If you've never played the original Resident Evil 4, then it's important to be clear that this game is bonkers. It is almost constantly throwing new things at you: challenges, environments, and foes. I'm loath to spoil things for newcomers or returning vets, but it's important to make clear that this title makes the previous games look sensible. The pacing is solid enough, so you'll never get bored. If anything, RE4 Remake is a touch more frantically paced than the original. You basically never get a break because something new is always out to murder you.

Resident Evil 4 Remake exists in a midpoint between the "effectively the same game with some changes" of Dead Space 2023 and the full update of Resident Evil 2 Remake. Almost every major set piece, event and location from the original game is present, but things are also significantly remixed. Some events happen earlier or later than they did in the original, or with new twists. There are a lot of things specifically designed to surprise players of the original game or play with their expectations. There are a couple of noteworthy absences from the original game. but I would say almost everything that players remember from the original appears in some form, and the elements that were cut are usually in favor of pacing.

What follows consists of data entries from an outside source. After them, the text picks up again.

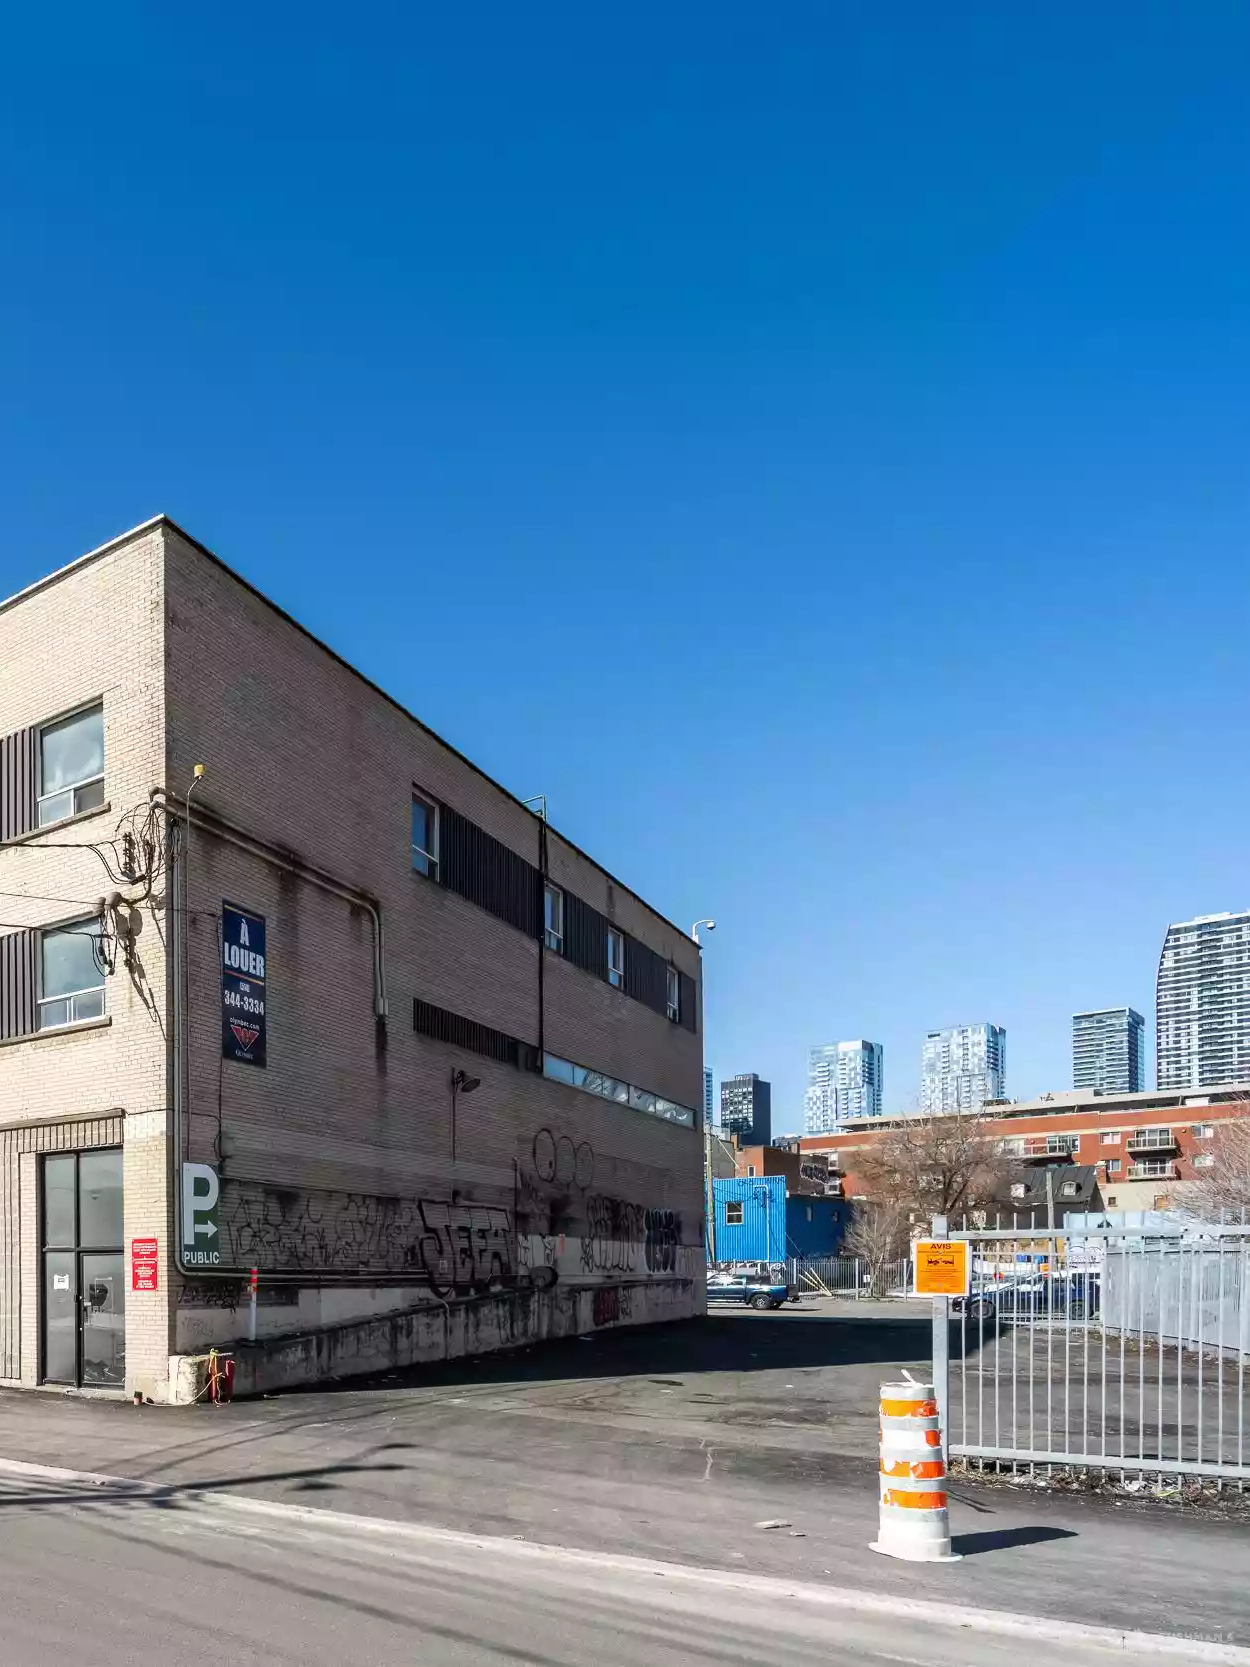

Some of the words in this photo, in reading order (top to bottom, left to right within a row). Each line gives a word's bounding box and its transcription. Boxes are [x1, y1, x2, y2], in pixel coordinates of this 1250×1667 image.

[239, 918, 250, 946] À
[224, 942, 265, 977] LOUER
[224, 990, 265, 1016] 344-3334
[183, 1162, 219, 1245] P
[184, 1251, 220, 1265] PUBLIC

RE4 Remake does a fantastic job of updating the original game. There are a few areas that I liked more in the original, but there are also areas that I found to be a lot more compelling in the remake. There are some genuinely cool and creative new takes on the existing areas, and there are fewer areas that I'm not eager to replay in Remake than there were in the original. Yet it's also familiar enough that I was able to recognize various segments, and they felt so accurate that I got nostalgic. It's a fantastic and heartfelt remake that feels like it came from a place of love for the original. I can't help but miss a couple of things, but this is no Resident Evil 3 Remake and clearly put a lot of effort into capturing all of the most iconic and memorable moments and areas.

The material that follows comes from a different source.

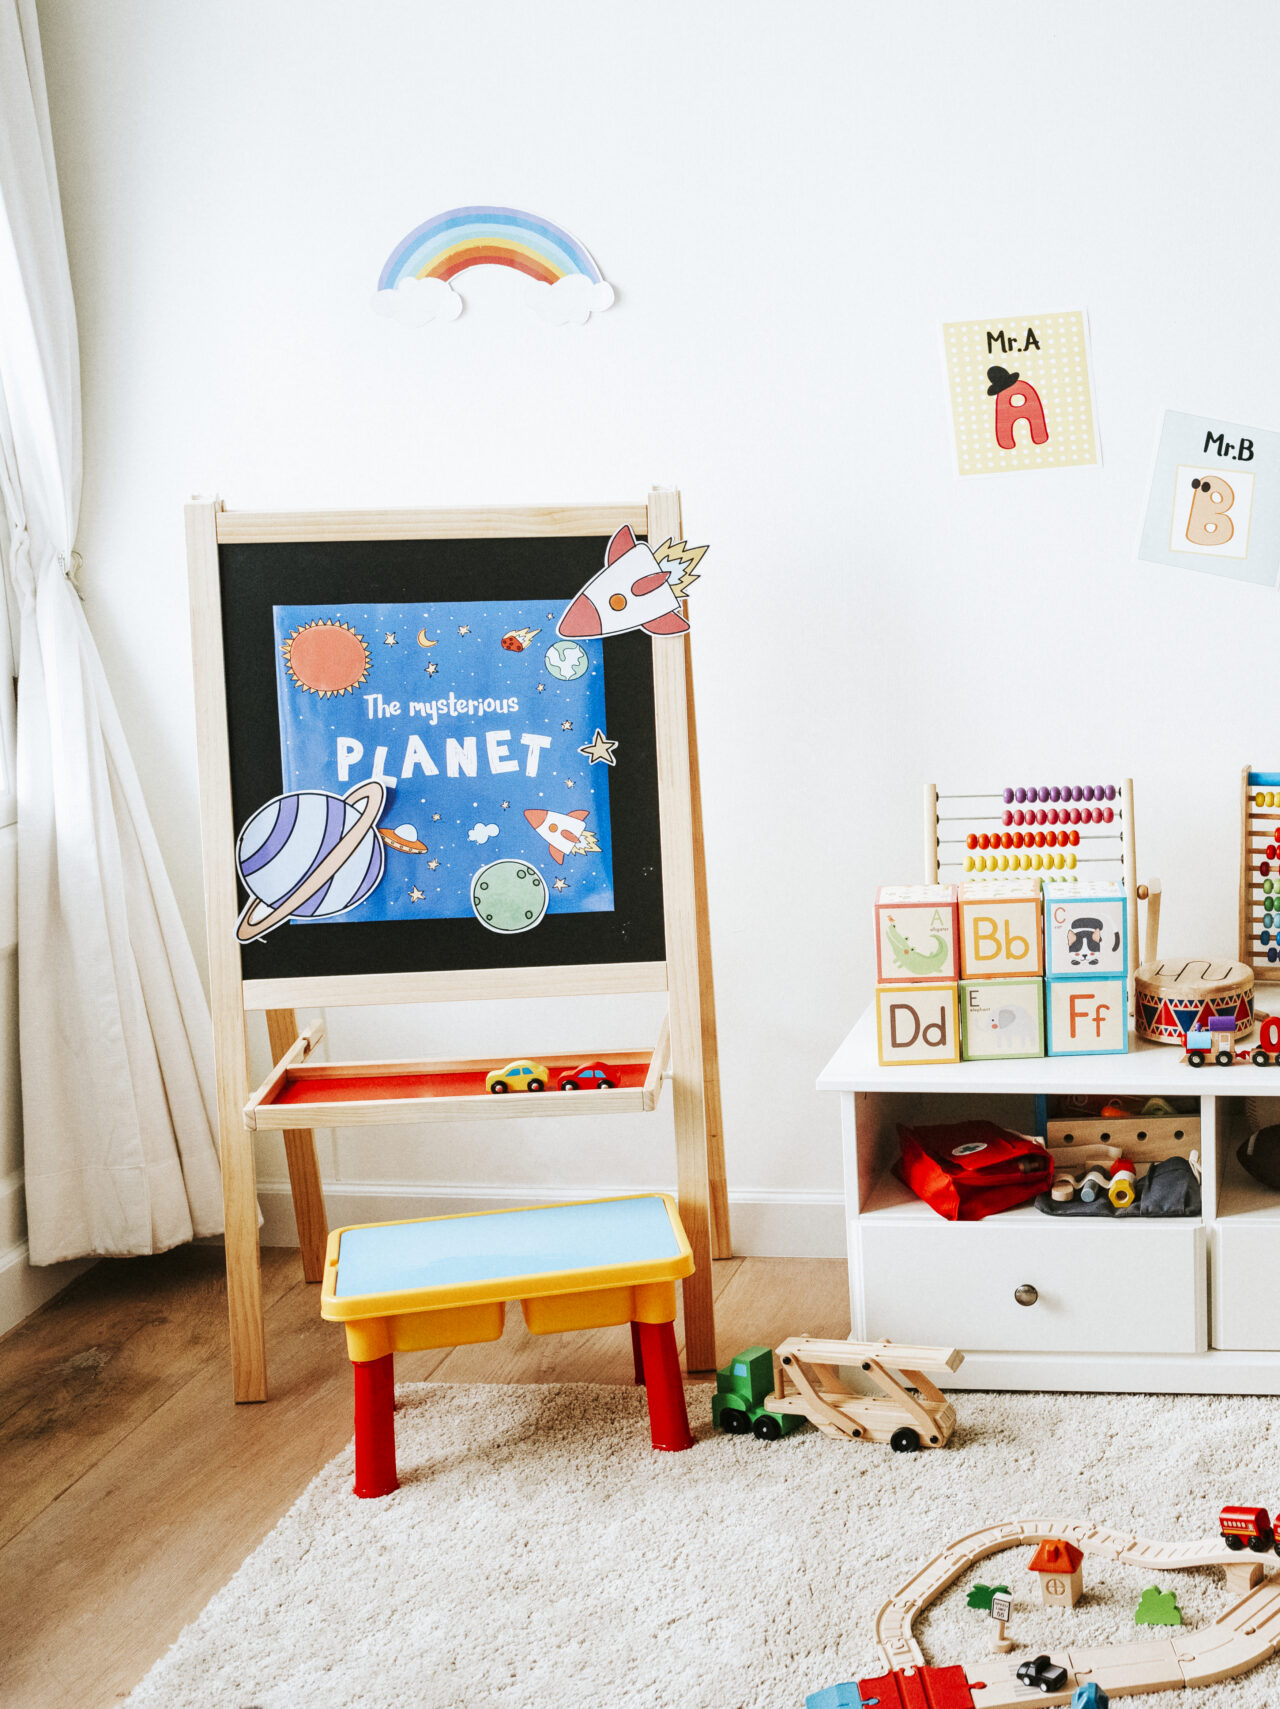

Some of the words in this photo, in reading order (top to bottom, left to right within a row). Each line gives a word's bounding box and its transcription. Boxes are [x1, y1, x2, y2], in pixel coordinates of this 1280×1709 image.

The one area where RE4 Remake is a little light is in post-game content, and that's mostly in comparison to the original or Resident Evil 2 Remake. Thankfully, we already know that the delightful Mercenaries mode is coming later as free DLC, so this is a temporary quibble. RE4 Remake is easily the longest of the modern Resident Evil titles, and it has more than enough content to keep you busy even without DLC.

It's tough to answer the big question: "Is RE4 Remake better than the original?" The original game is the blueprint that the remake follows, and the remake wouldn't exist without it. Looking at it without years of nostalgia? RE4 Remake looks better, plays better, and feels like a much more approachable game for people who are coming to the franchise from the remakes instead of the originals. I still love the original, but it will be hard to replay it after experiencing Leon blocking chainsaws with his knife. There's enough that is unique about the original that I can see myself replaying it, but I also don't see myself missing QTEs anytime soon.

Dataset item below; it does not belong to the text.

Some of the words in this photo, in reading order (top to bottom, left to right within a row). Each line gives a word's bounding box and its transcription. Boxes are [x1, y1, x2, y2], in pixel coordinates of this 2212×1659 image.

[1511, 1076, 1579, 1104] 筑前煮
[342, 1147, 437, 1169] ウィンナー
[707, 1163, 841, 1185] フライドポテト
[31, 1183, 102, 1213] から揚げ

Resident Evil 4 Remake looks phenomenal. It's an amazingly good re-creation of the original game, with so many environments reimagined and remastered in near-perfect detail. The animations are fantastic, and the Ganado and associated monsters have never looked creepier. The new animations do a fantastic job of selling that they are puppeted monsters rather than human beings, and seeing one walking toward you with a visibly broken neck is way creepier than anything in the original. The sound design adds genuine fear to a game where you suplex evil cultists. The voice acting is also excellent. It's notably cheesy in places, but Resident Evil 4 should be cheesy.

Resident Evil 4 Remake does a hell of a job arguing why a video game classic needed a remake. It straddles the line between loyalty to the original and providing a fresh experience better than even Resident Evil 2 Remake did. Pretty much every new gameplay mechanic and design choice leads to a more engaging and enjoyable game. I can't say that it replaces the original, but it's a damn fine companion, and most people wanting to experience RE4 for the first time will likely gravitate to the remake. Either way, it is a must-play for Resident Evil fans, and RE4 Remake is already a strong contender for one of the best games of the year.